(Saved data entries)
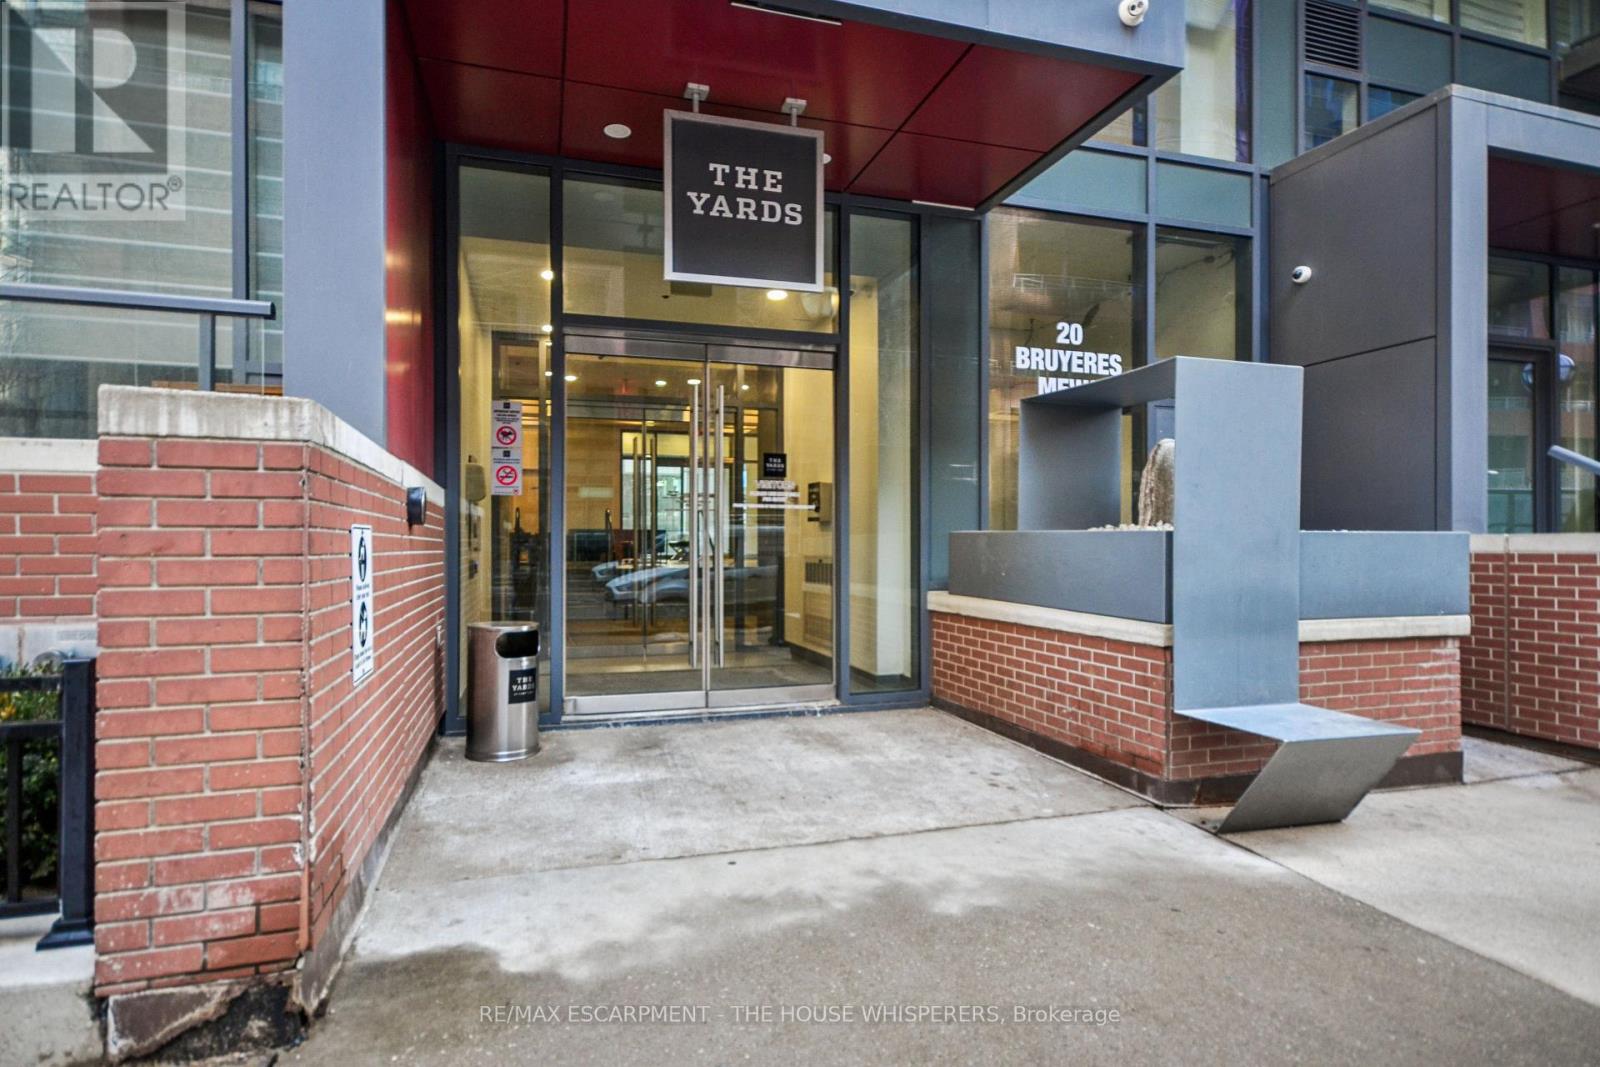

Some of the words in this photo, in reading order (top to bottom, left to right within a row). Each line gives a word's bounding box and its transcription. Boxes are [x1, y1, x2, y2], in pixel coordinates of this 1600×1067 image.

[708, 162, 783, 193] THE
[686, 191, 803, 225] YARDS
[1056, 321, 1083, 345] 20
[1015, 346, 1123, 376] BRUYERES

• [Instructions for the task] Retype all of the data above word for word, excluding the pictures.

• [Exercise response]
Some of the words in this photo, in reading order (top to bottom, left to right within a row). Each line gives a word's bounding box and its transcription. Boxes are [x1, y1, x2, y2], in pixel coordinates of this 1600×1067 image.

[708, 162, 783, 193] THE
[686, 191, 803, 225] YARDS
[1056, 321, 1083, 345] 20
[1015, 346, 1123, 376] BRUYERES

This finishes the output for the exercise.